Gegen diesen Beschluss haben die Betroffenen zu 1 bis 5 Beschwerde eingelegt. Auf Antrag der Betroffenen zu 1 bis 5 hat das Beschwerdegericht die aufschiebende Wirkung der Beschwerde bis zur rechtskräftigen Entscheidung in der Hauptsache angeordnet (OLG Düsseldorf WuW/E DE-R 1931). Hiergegen richtet sich die - vom Beschwerdegericht zugelassene - Rechtsbeschwerde des Bundeskartellamts.

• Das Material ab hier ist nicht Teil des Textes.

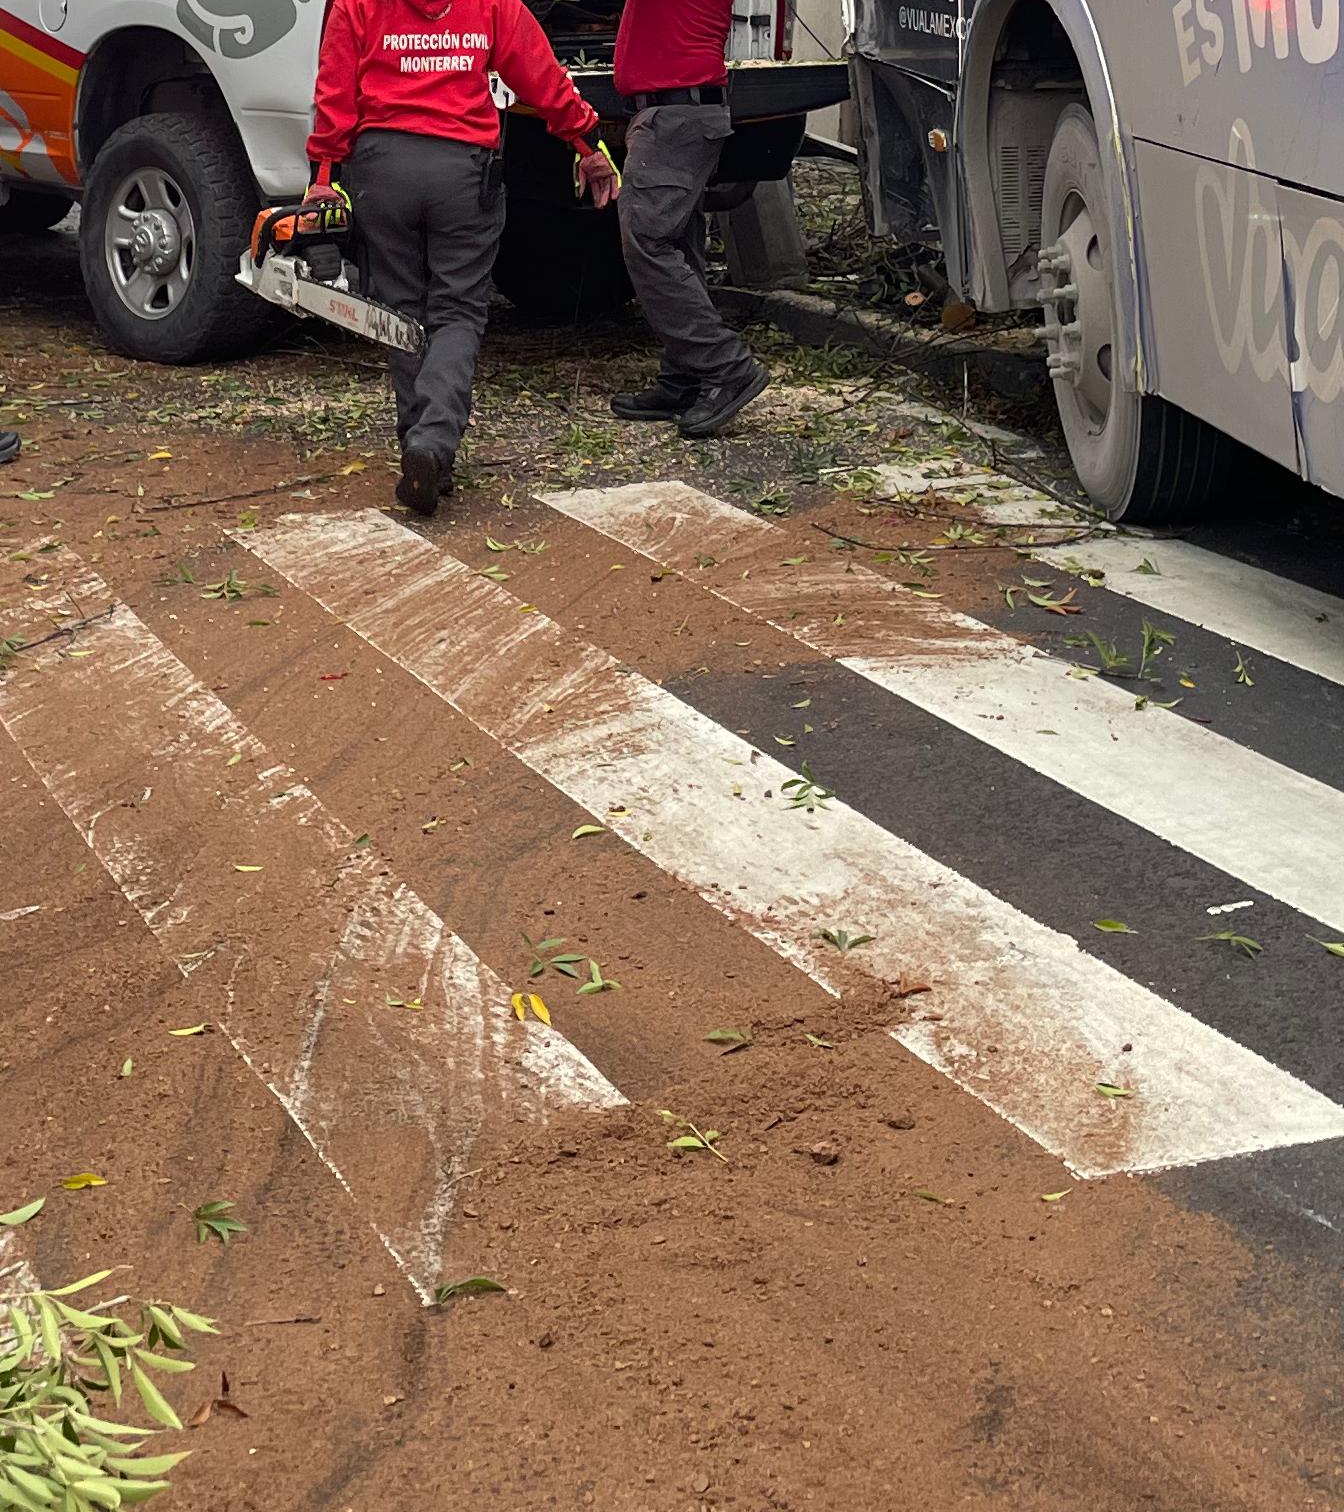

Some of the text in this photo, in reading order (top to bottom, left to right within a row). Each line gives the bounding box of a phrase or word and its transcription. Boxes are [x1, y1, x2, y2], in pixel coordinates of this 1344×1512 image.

II. Das Beschwerdegericht hat angenommen, dass bei der gebotenen summarischen Prüfung der Sach- und Rechtslage die Aufhebung der angefochtenen Verfügung überwiegend wahrscheinlich ist. Zur Begründung hat es ausgeführt:

Der Anteilserwerb an Mixpac durch Sulzer betreffe zwei unterschiedliche Märkte, die in räumlicher Hinsicht beide zumindest europaweit abzugrenzen seien. Das Bundeskartellamt habe zutreffend den Markt für Kartuschen, Mischer und Austraggeräte für Zweikomponenten-Material danach unterteilt, in welchem Bereich die hergestellten Geräte zum Einsatz kämen. Die aufgezeigten Unterschiede zwischen den genannten Produkten, die für die Anwendung im medizinischen Bereich vorgesehen seien, und denen, die im Industriebereich zum Einsatz kämen, seien nach derzeitigem Sachstand so gewichtig, dass die Annahme eines einheitlichen Marktes nicht ernsthaft in Erwägung gezogen werden könne.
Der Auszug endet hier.